I have been working on Neural Networks for various purposes lately. I have had great success in digit recognition, XOR, and various other easy/hello world'ish applications.
I would like to tackle the domain of time series estimation. I do not have a University account at the moment to read all the IEEE/ACM papers on the topic (for free), nor can I find many resources detailing using ANN for time series forcasting.
I would like to know if anyone has any suggestions or can recommend any resources concerning using ANN for forcasting via time series data?
I would assume that to train the NN, you would insert a few immediately time steps and the expected output would be the next timestep (example: inputs of n-5, n-4, n-3, n-2, n-1 should come out with an output of result at timestep N. ... and slide down some amount of timesteps and do it all again.
Can anyone confirm this or comment on it? I would appreciate it!
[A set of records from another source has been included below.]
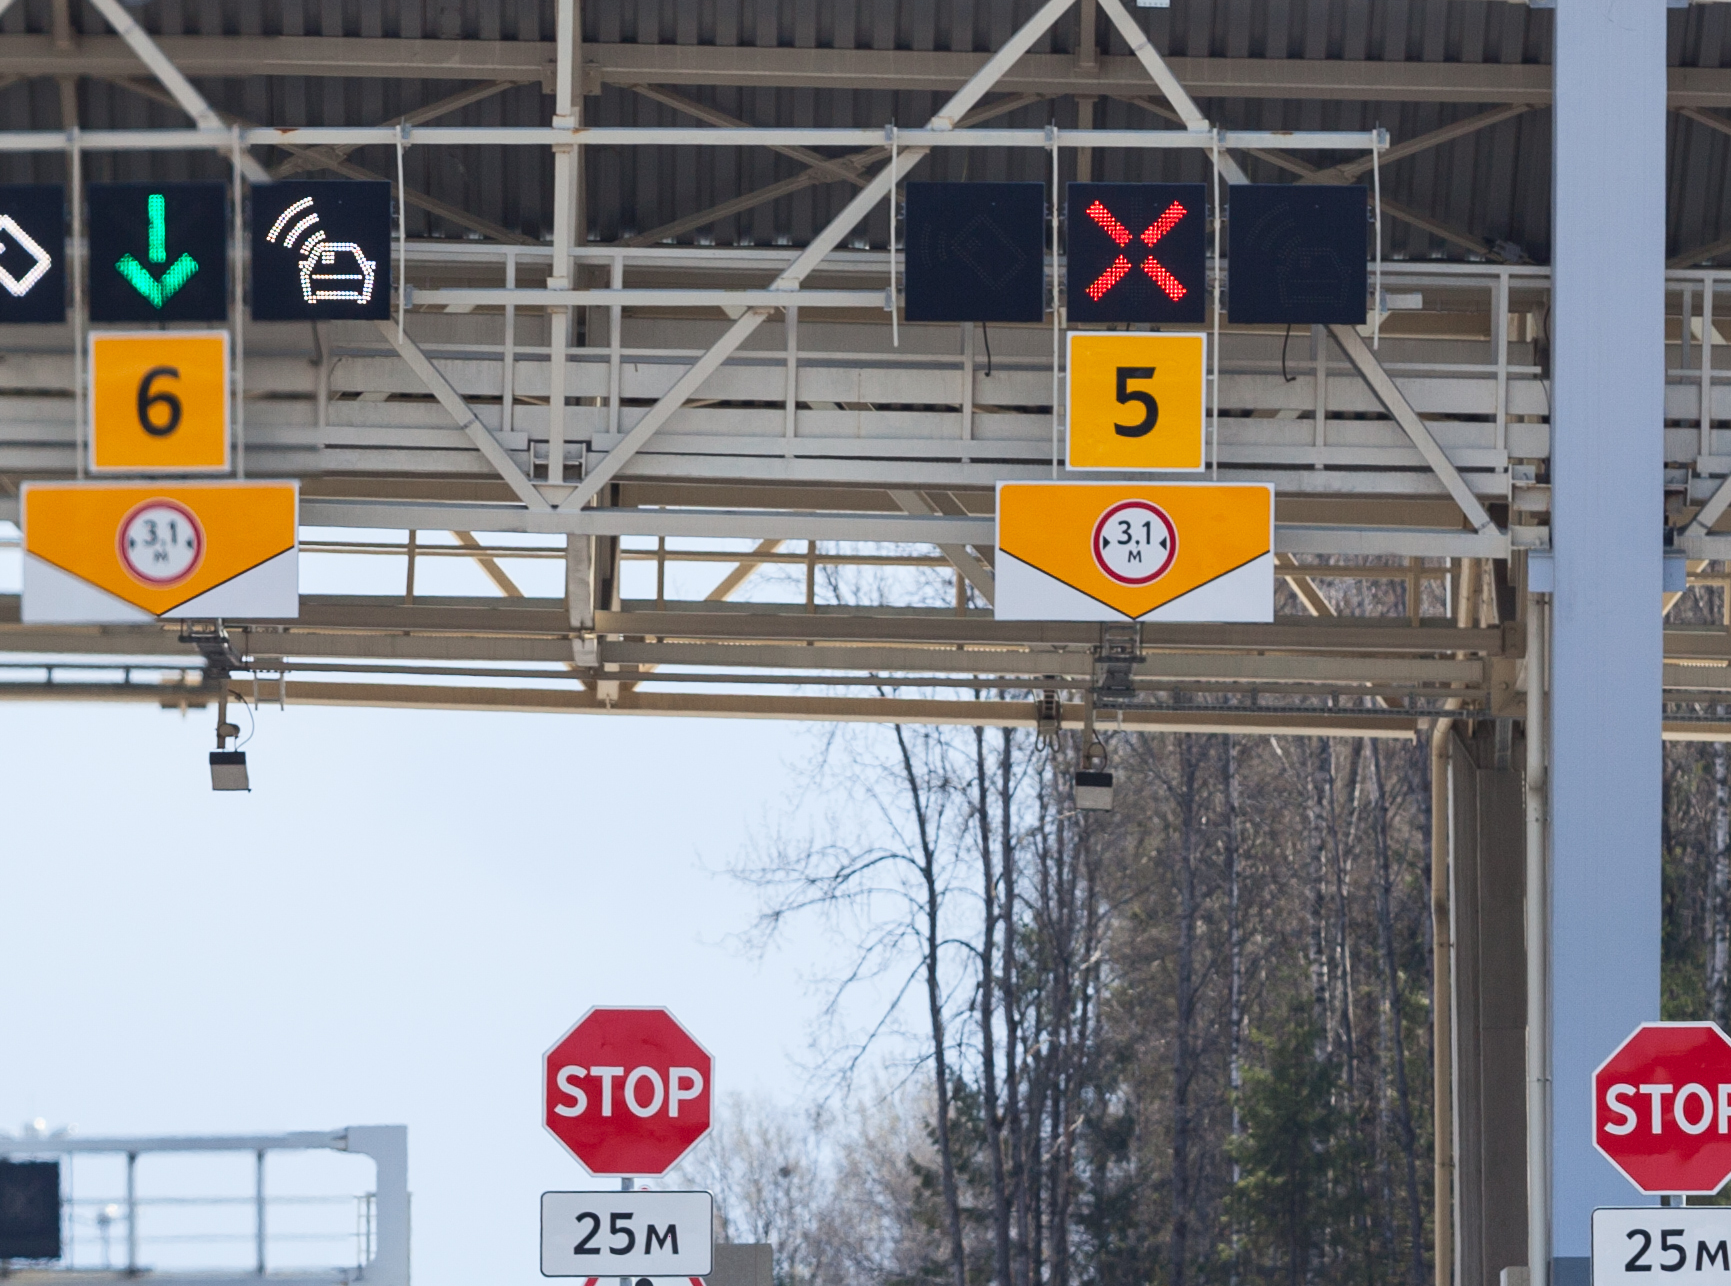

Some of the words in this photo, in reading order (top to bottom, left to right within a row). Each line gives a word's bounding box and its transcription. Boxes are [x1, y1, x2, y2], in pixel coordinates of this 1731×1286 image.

[135, 366, 183, 439] 6
[1113, 366, 1160, 439] 5
[143, 519, 177, 547] 3,1
[1117, 520, 1151, 549] 3,1
[553, 1065, 705, 1118] STOP
Convolutional Neural Networks (CNNs) Convolutional Neural Networks or CNNs are a type of neural network that was designed to efficiently handle image data. The ability of CNNs to learn and automatically extract features from raw input data can be applied to time series forecasting problems.
Recurrent Neural Networks (RNNs) The Recurrent Neural Network (RNN) is one of the promising ANNs that has shown accurate results for time series forecasting. It is made up of a series of interconnected neural networks at different time intervals or time steps.
Predictive neural networks are a sophisticated data mining application that imitate the function of the brain to detect patterns in data sets. These mathematical models can detect the most subtle and complex relationships between your variables.
The most popular statistical method for time series forecasting is the ARIMA (Autoregressive Integrated Moving Average) family with AR, MA, ARMA, ARIMA, ARIMAX, and SARIMAX methods.
I think that you've got the basic idea: a "sliding window" approach where a network is trained to use the last k
values of a series (Tn-k ... Tn-1) to predict the current value (Tn).
There are a lot of ways you can do this, however. For example:
Often people end up figuring out the best way to learn from their particular data by trial and error.
There are a fair number of publicly-accessible papers out there about this stuff. Start with these, and look at their citations and papers that cite them via Google Scholar, and you should have plenty to read:
There is a kind of neural networks named recurrent neural networks (RNNs. One advantage of using these models is you do not have to define an sliding window for the input examples. A variant of RNNs known as Long-Short Term Memory (LSTM) can potentially take into account many instances in the previous time stamps and a "forget gate" is used to allow or disallow remembering the previous results from the previous time stamps.